Gault is CEO of networking company ZeroTier and a founding partner of 7percent Ventures, a London- and San Francisco-based deep-tech firm whose portfolio includes UK quantum computing startup Universal Quantum.
“Every interbank message, every payment authorization record and every digital signature that travels across a network today is being collected by sophisticated adversaries who don’t need to read it yet,” he noted.
“CISOs and security teams have been trained to protect data at rest. What no one wants to say out loud is that the adversary’s strategy has changed. They are patient, they have storage, and they are building a library of today’s encrypted traffic to decrypt the moment quantum capacity crosses the threshold,” he added.
Google Quantum AI research that rattled bitcoin in March, showing that a sufficiently powerful quantum computer could derive a bitcoin private key from an exposed public key in about nine minutes, fell outside his portfolio.
The conversation since this paper has centered on the roughly 6.9 million BTC sitting at addresses with visible public keys and Bitcoin’s lack of a post-quantum migration plan.
But Gault says the more pressing exposure is the data already being collected from the open internet for decryption later, regardless of whether a working quantum computer exists yet.
Google’s own security engineers have moved in the same direction.
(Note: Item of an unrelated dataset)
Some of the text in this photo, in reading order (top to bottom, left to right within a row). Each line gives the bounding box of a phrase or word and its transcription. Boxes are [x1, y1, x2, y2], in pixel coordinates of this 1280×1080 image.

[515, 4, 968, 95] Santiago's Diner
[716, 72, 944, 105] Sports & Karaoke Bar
In a post in March, the company set 2029 as its goal to complete a post-quantum cryptography migration, citing advances in quantum hardware, error correction and factoring resource estimates.
The post, written by Google vice president of security engineering Heather Adkins and senior cryptography engineer Sophie Schmieg, said the company has reprioritized its internal threat model to focus on authentication services and digital signatures, the same wire-level signing infrastructure that Gault has pointed to.
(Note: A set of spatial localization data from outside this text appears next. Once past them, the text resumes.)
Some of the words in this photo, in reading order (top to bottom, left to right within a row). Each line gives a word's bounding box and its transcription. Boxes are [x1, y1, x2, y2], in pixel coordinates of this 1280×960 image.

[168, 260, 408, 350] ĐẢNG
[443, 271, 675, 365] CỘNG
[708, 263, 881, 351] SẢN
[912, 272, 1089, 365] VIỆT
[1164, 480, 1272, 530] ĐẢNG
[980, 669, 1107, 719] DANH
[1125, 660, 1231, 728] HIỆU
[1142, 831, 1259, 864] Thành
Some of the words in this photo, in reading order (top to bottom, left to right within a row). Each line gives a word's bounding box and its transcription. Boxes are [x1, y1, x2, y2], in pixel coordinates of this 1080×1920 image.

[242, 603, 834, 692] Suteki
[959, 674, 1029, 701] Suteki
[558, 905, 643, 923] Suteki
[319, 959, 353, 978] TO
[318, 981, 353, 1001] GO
“The threat to encryption is relevant today with store-now-decrypt-later attacks,” the post said.
The strategy driving this urgency is known in cryptographic circles as “harvest now, decrypt later.” It assumes that adversaries don’t need to read encrypted traffic today, just store it cheaply until a sufficiently powerful quantum computer arrives.
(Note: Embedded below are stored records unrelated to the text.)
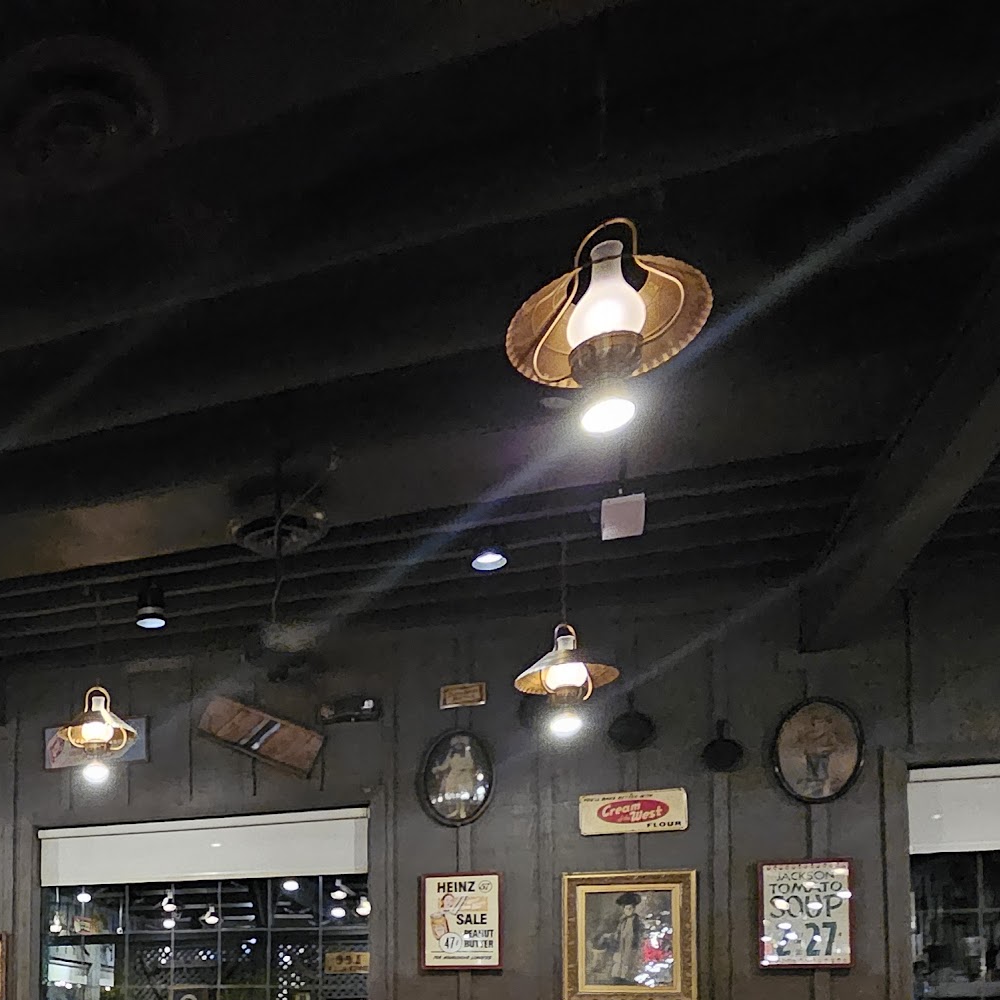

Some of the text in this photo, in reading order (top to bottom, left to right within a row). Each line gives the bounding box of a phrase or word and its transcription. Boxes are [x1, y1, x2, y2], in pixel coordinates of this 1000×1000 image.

[602, 802, 641, 818] Cream
[629, 805, 663, 822] West
[776, 871, 835, 881] JACKSON
[437, 881, 475, 893] HEINZ
[769, 881, 843, 894] TOMATO
[770, 894, 843, 918] SOUP
[456, 913, 487, 925] SALE
[464, 929, 494, 938] PEANUT
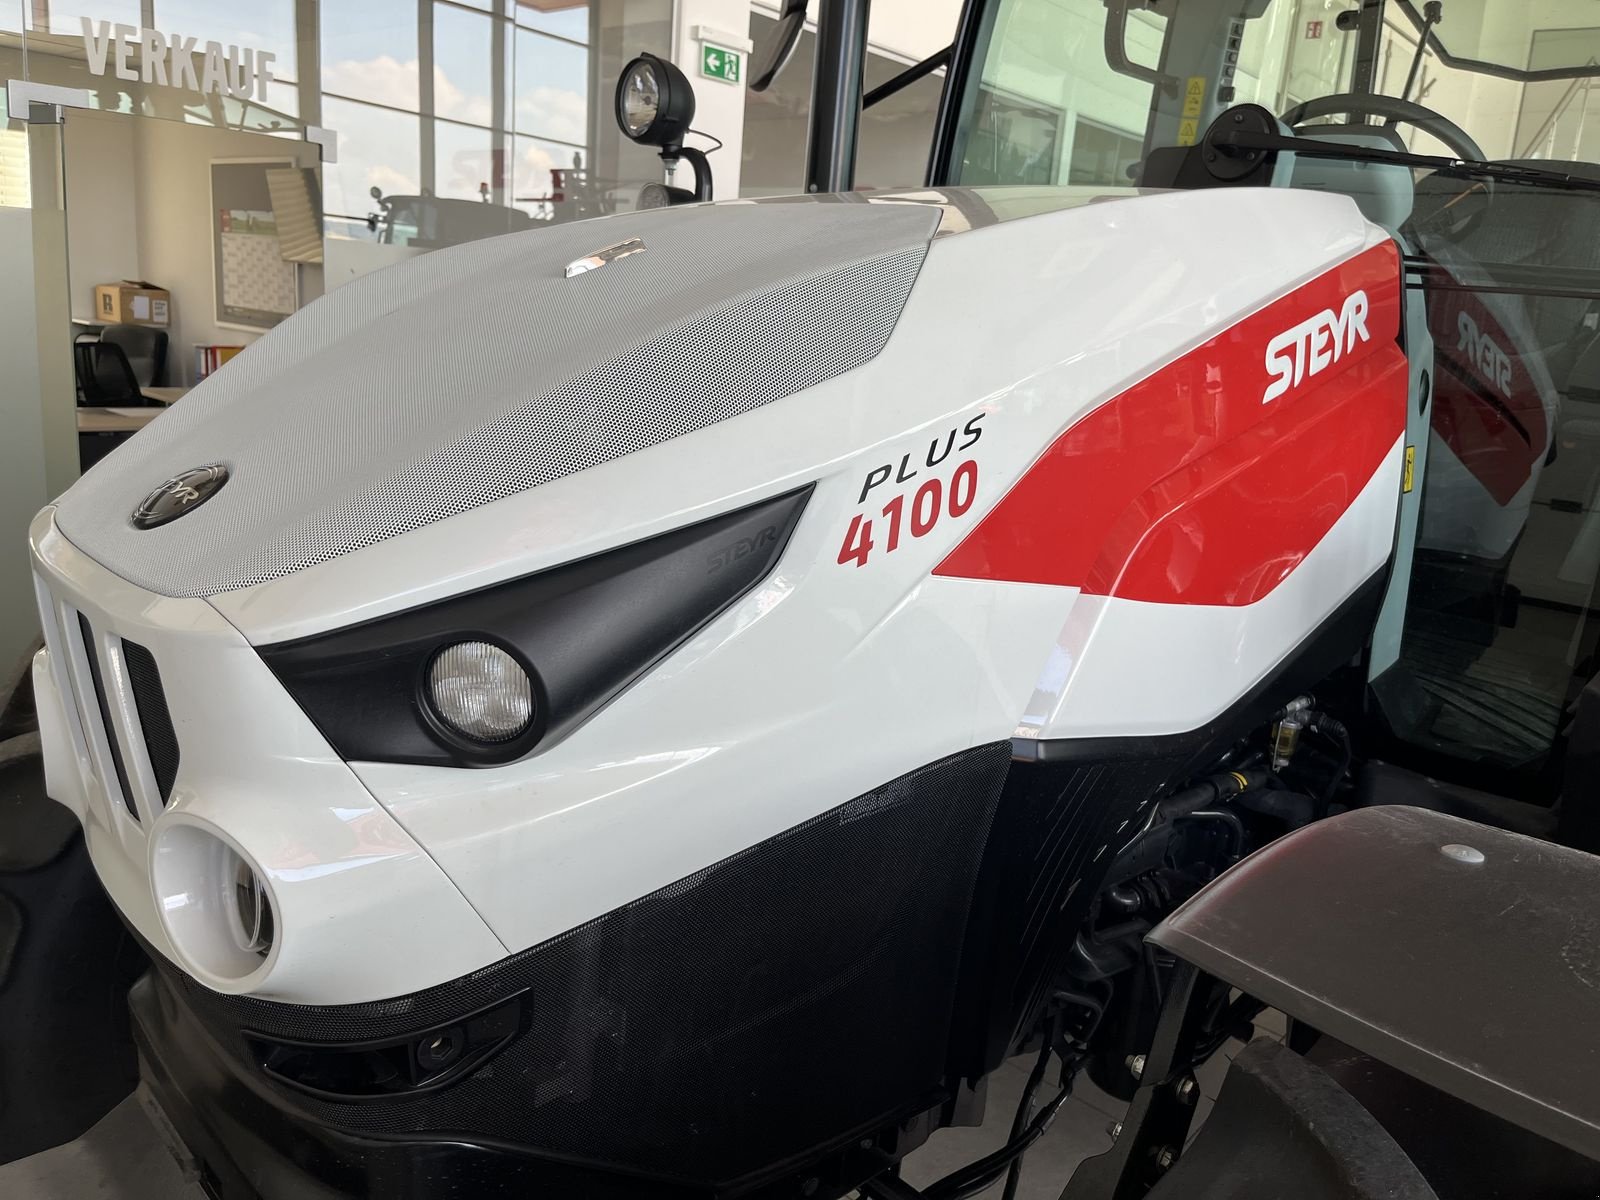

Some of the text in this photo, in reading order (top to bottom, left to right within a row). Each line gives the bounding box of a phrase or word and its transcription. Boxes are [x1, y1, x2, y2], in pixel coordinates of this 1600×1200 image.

[80, 16, 276, 103] VERKAUF
[1262, 289, 1371, 405] STEYR
[857, 412, 986, 504] PLUS
[706, 525, 777, 575] STEYR
[837, 459, 978, 568] 4100
Citi modeled the banking system version of the scenario in February, estimating that a quantum-enabled attack on a single top-five US bank’s access to the Fedwire Funds Service payment system could trigger a cascade of $2 trillion to $3.3 trillion in the US economy, equivalent to a 10% to 17% drop in real GDP.
The Global Risk Institute, cited in the same Citi report, estimates the probability of a cryptographically relevant quantum computer arriving in 2034 at between 19% and 34%.
For crypto, the wire-level surface is wider than that of the wallet. Cross-chain bridge proofs, exchange of API authentication packets, signed transactions being broadcast and archived in public mempools, and the back-channel signing traffic between cold storage and trading desks all sit on the same vulnerability spectrum as the bank-grade encryption Citi modeled.
CoinShares argued in a February report that wallet-key fears are overstated, estimating that only around 10,200 BTC are concentrated enough to move markets if stolen.
Gault’s concern is another. “The particularly unpleasant reality for financial institutions is that the authentication records that are harvested are not only sensitive,” he said. “It is the layer of evidence that determines who owns what, who authorized which transaction, and who bears the legal responsibility.”
Ethereum (ETH) has launched a coordinated post-quantum migration, but Bitcoin has not. Major crypto exchanges and custodians, where most of the signing traffic resides, have not publicly committed to one either.